Carl's attorney, Skip Simpson, argued as well that a psychiatrist should be guided by a great deal of skepticism whenever he or she is confronted with a patient claiming to have participated in satanic cult activities as bizarre as the ones described by Carl during her therapy, and that Keraga was negligent in proceeding as if they were true. Keraga maintained that she approached these memories from a neutral standpoint and did not automatically base her therapy on the assumption that these reports were accurate.

More than a dozen other former patients with multiple personality disorder at that hospital have filed similar suits contending that they were the victims of psychotherapists who planted false memories in the guise of treating them.

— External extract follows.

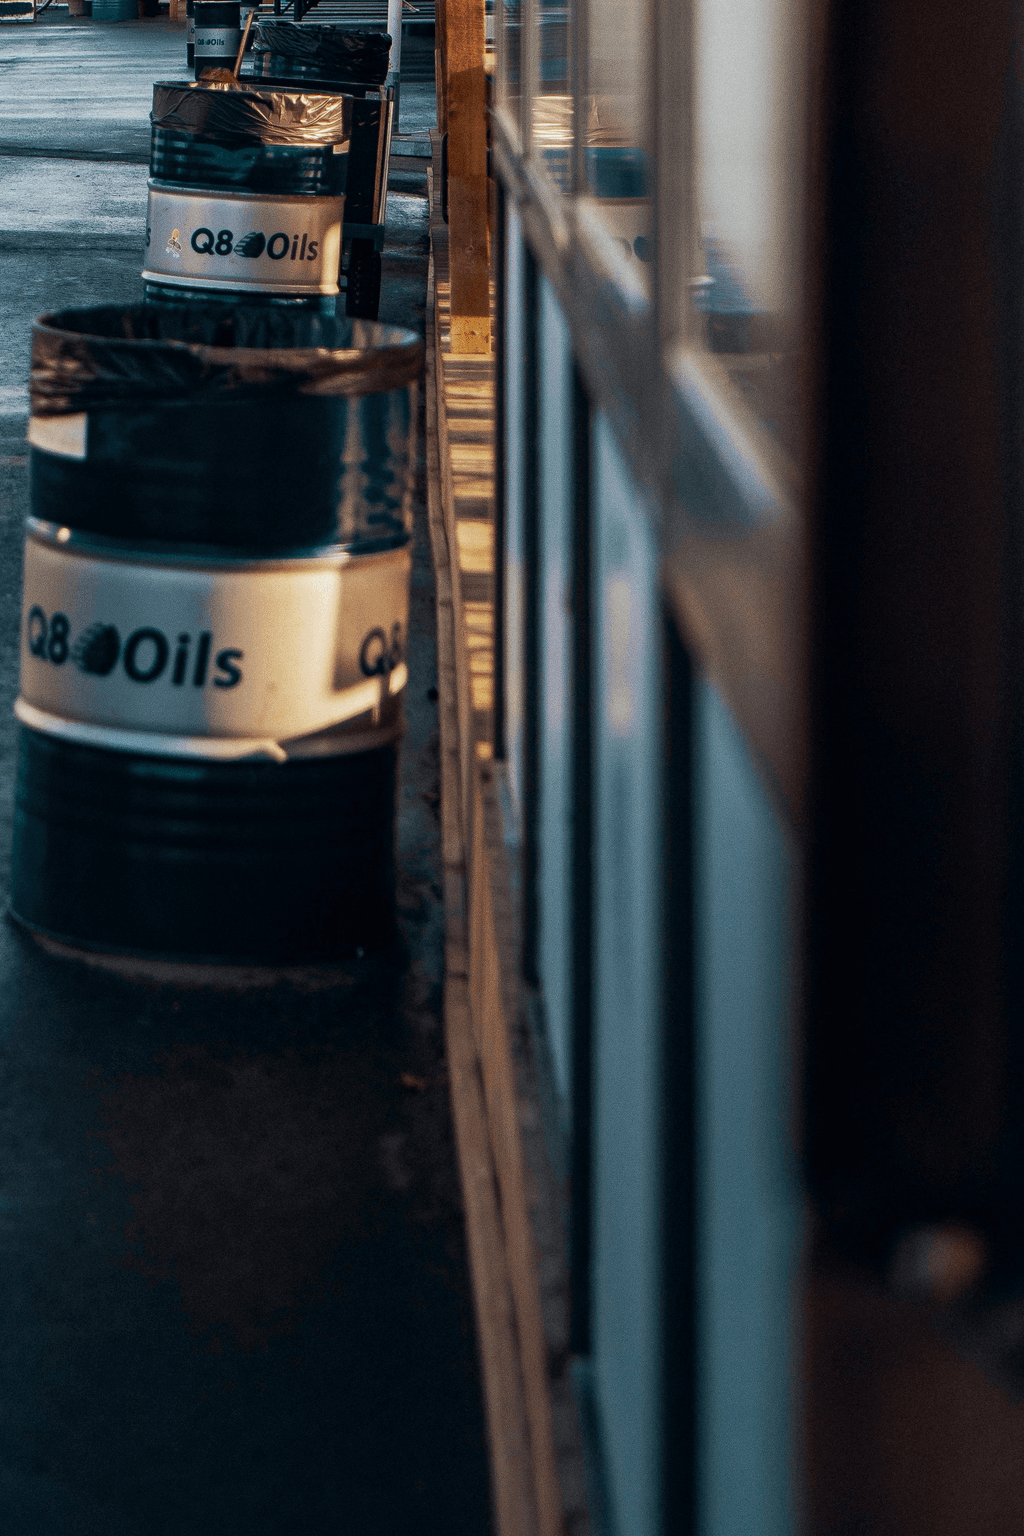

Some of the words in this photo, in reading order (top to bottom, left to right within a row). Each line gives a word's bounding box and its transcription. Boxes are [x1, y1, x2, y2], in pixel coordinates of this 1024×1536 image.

[191, 227, 234, 256] Q8
[266, 232, 319, 261] Oils
[28, 604, 71, 666] Q8
[123, 626, 244, 690] Oils

The plaintiff maintained that as a consequence of her believing that the memories of sexual abuse and bizarre cult rituals she "recovered" during psychotherapy were real, her marriage ended and she lost custody of her two children. She has since reconciled with her husband and regained custody of the children. After her therapy at the Houston hospital ended in 1993, she subsequently received psychiatric treatment in Florida and Maryland. It was during these later therapeutic sessions, Carl said, that she realized that the memories of ritual abuse she "recovered" during therapy with Keraga and others at the hospital were false and had been planted.

Keraga, however, insisted that the psychotherapeutic treatment she provided was appropriate in light of the symptoms Carl displayed and the history of abuse she described upon entering the hospital.

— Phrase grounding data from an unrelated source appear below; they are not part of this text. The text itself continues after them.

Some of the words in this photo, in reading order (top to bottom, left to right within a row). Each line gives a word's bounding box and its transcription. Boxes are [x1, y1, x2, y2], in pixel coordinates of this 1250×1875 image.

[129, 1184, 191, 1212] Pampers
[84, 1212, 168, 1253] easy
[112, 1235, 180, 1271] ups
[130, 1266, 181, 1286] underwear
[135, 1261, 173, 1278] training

On the basis of interviews with several jurors reported by the Chronicle, it appeared that they were strongly swayed by arguments made by Carl's attorney that the psychiatrist failed in her duty to inform her patient that the memories she recovered during hypnosis and other phases of her therapy might not be reliable. It also appeared that the psychiatrist should be held responsible for not stopping these treatments when Carl's symptoms not only failed to improve, but seemed to worsen. Carl charged not only that abuse memories were planted under hypnosis, conducted while she was restrained, but also that she was told by her therapists that unless she continued to recover memories of being abused, she would not be able to regain her mental health and leave the hospital.

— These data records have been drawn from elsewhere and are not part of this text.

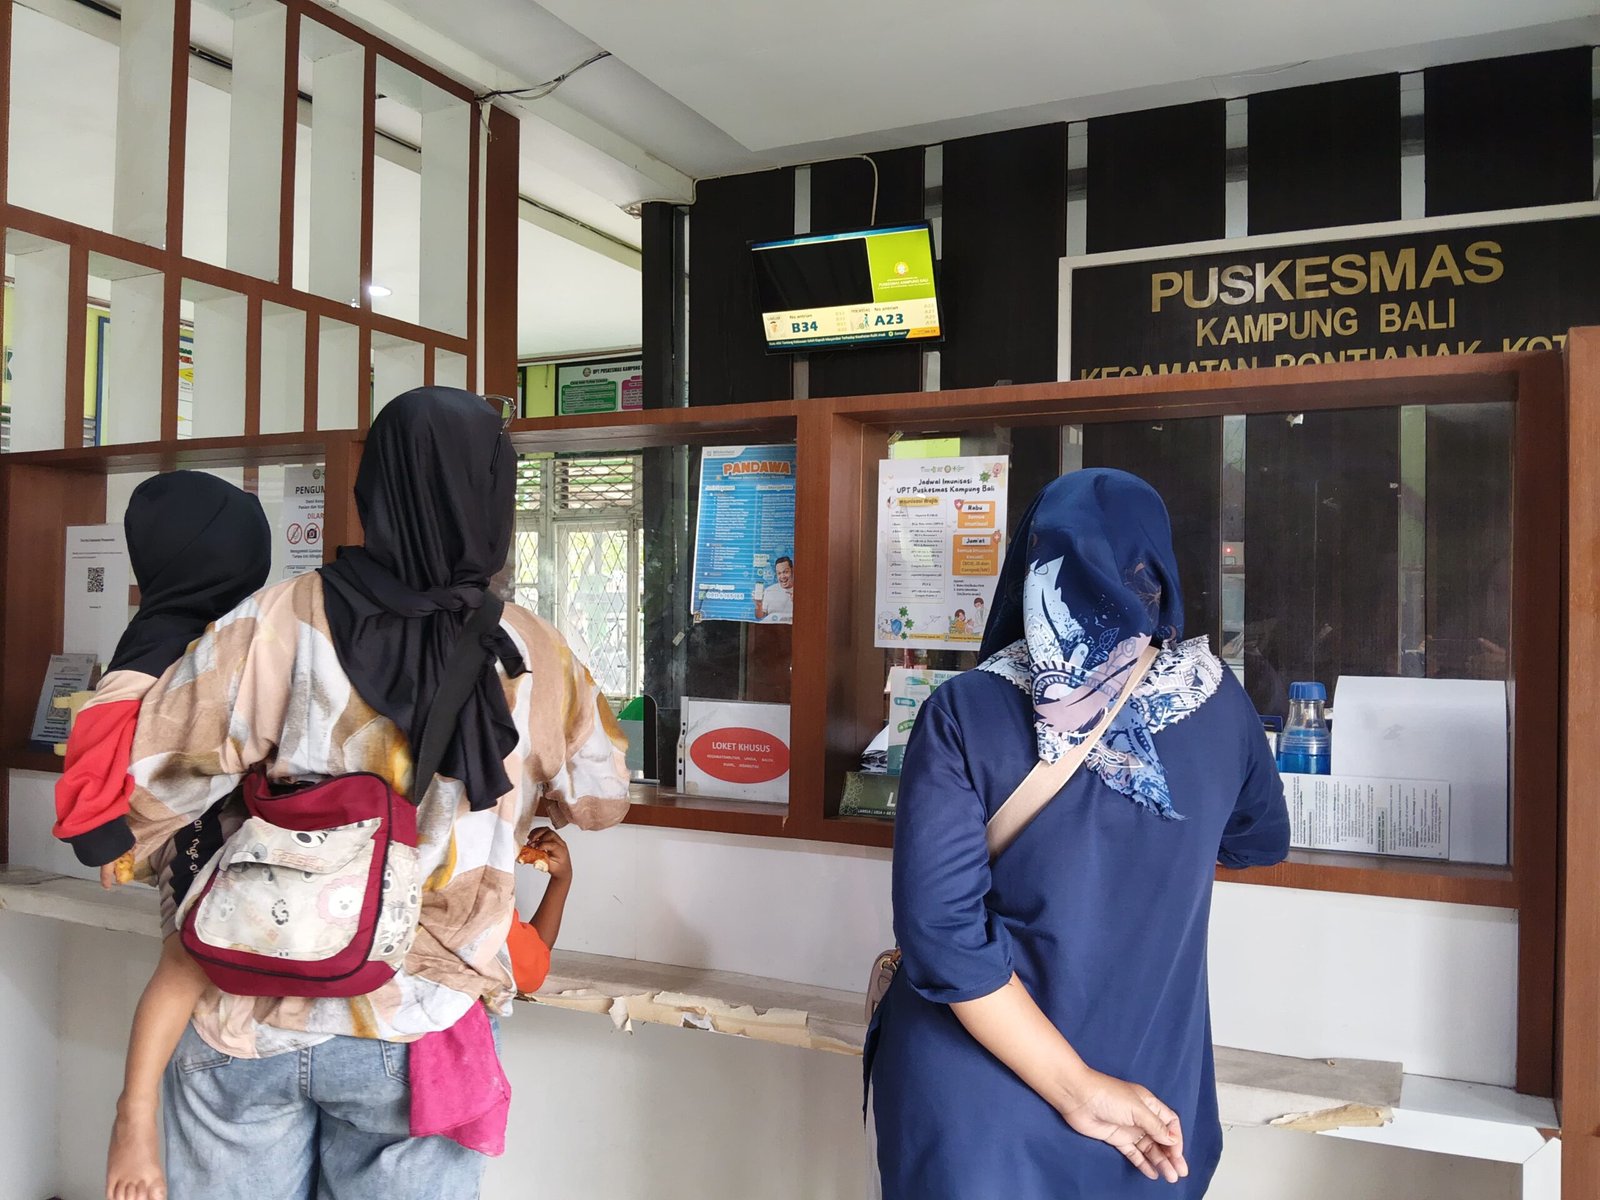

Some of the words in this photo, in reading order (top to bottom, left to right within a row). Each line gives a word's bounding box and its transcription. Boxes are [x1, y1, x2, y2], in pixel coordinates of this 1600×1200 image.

[1151, 241, 1505, 314] PUSKESMAS
[874, 313, 904, 327] A23
[1196, 308, 1359, 348] KAMPUNG
[1379, 298, 1456, 335] BALI
[792, 321, 819, 334] B34
[723, 461, 791, 476] PANDAWA
[918, 478, 941, 486] Jadwal
[942, 477, 972, 485] Imunisasi
[896, 486, 910, 494] UPT
[912, 486, 948, 494] Puskesmas
[949, 485, 981, 495] Kampung
[982, 485, 995, 493] Bali
[712, 741, 736, 750] LOKET
[738, 743, 770, 752] KHUSUS

The jury appeared to put little store in the case made by Keraga's attorneys that Carl's recovered memories were not false - that she in fact exhibited "overwhelming" evidence of having been the victim of earlier sexual abuse - and that the treatment Keraga provided was appropriate for a patient with such a history. Keraga's attorney, Suzan Cardwell, tried to refute allegations that memories were planted by quoting from journal entries and detailed medical records in which Carl vividly described sexual abuse, murder, and torture, suggesting, according to the Chronicle, that the perpetrators of these cult-related activities could have been Carl's family. The psychiatrist put enough store, however, in Carl's allegations that she sent a letter to an insurance company in 1993, the last year of the therapy at issue, stating that she believed the children were in fact the victims of sexual abuse and torture by a cult.

In explaining why Keraga proceeded as she did with Carl's psychotherapy, her attorney pointed out as well that Carl had a history of psychiatric illness that included severe depression and self-mutilation, syndromes that often are linked to being the victim of childhood sexual abuse. In addition, Carl told child protective authorities that her two children had also been abused by members of this satanic cult. They too were treated at Spring Shadows Glen Hospital after Carl's account of their having been abused, including by her.

"The only thing Dr. Keraga is guilty of is believing in Lynn Carl," insisted attorney Cardwell.

The jury decided, however, that Keraga was responsible for 12 percent of the negligence of which Carl was a victim and then determined that this level of malpractice was worth $5.8 million. More than a dozen other defendants that Carl sued, including several other psychiatric and nonpsychiatric therapists as well as hospital officials, settled out of court, leaving jurors to evaluate only the case against Keraga.